SAN FRANCISCO, CA—January 22, 2015—A study from researchers at the Gladstone Institutes has exposed new battle tactics employed by the hepatitis C virus (HCV). Published in the January 22 issue of Molecular Cell, the investigators created full protein interaction maps—interactomes—of where the virus comes into contact with the host proteins during the course of infection. Through these protein interactions, the scientists not only gained insight into the virus, they also uncovered a common set of host proteins that are targeted by various infections. Their results suggest that these proteins and the cellular processes they govern are the most crucial—in effect, the collective Achilles heel—for both the human body and its viral invaders.

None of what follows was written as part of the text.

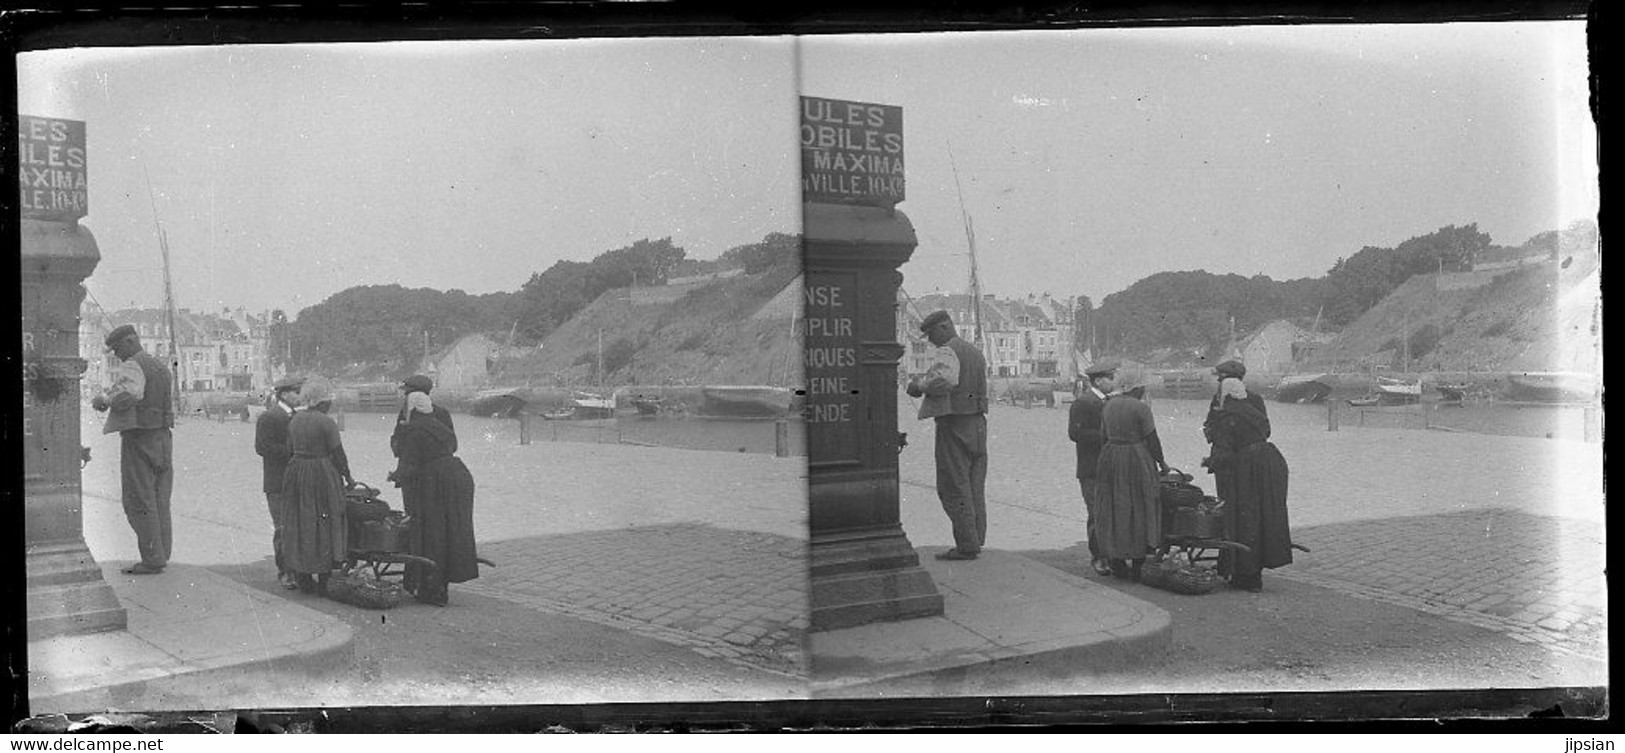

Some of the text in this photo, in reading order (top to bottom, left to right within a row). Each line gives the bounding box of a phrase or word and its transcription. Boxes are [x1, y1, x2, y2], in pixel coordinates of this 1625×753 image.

“Viruses are fantastic tools for shedding new light on human biology,” says Nevan Krogan, PhD, a senior investigator at the Gladstone Institutes and a corresponding author. “Viruses are relatively simple organisms—often they only have about 10-20 genes—but they wreak havoc on our system by targeting key proteins and essential functional pathways in every major biological process. This gives us great insight into what the critical mechanisms are that are being hijacked during infection, and it helps us to develop new strategies for preventing or stemming disease.”
Dr. Krogan, who is also a professor of cellular and molecular pharmacology at the University of California, San Francisco (UCSF) and director of the UCSF branch of QB3, partnered with Gladstone senior investigator Melanie Ott, MD, PhD, to map the interaction between the proteins in HCV and those in the human liver cells that HCV infects. This resulted in over 5,000 virus-host protein-to-protein interactions, which the investigators narrowed down to 139 key connections that are necessary for HCV infection, involving all 10 HCV proteins and 133 proteins in the host liver cells.
Although patients have benefited from numerous advancements in the treatment of HCV, how the virus damages the liver remains unknown. The HCV interactome map, led by first authors Holly Ramage, PhD, and G. Renuka Kumar, PhD, may help on this front.
“There’s a lot we still don’t know about HCV, like how it infects the cell, what processes it disrupts, and why it’s so harmful to the body,” explains Dr. Ott, who is also a professor of medicine at UCSF. “The protein interactome offers us an unbiased and global view of how the virus is affecting the infected cells, and this can help us to start answering a lot of the important questions. Ultimately, this information may direct us to new leads for preventative treatments for associated liver pathologies, like fibrosis and cancer.”
By removing the interacting host proteins from the cell one at a time, the researchers were able to determine what their functional contribution was in the infection process: whether the host proteins were hijacked by the virus and used to spread infection, or whether they were part of a defense mechanism against the virus. This revealed a new critical host mechanism that HCV inactivates and usurps to support its own survival and replication.
Publication: Ramage HR, Kumar GR, Verschueren E, Johnson JR, Dollen Von J, Johnson T, Newton B, Shah P, Horner J, Krogan NJ, Ott M (2015) A combined proteomics/genomics approach links hepatitis C virus infection with nonsense-mediated mRNA decay. Mol Cell 57:329–340.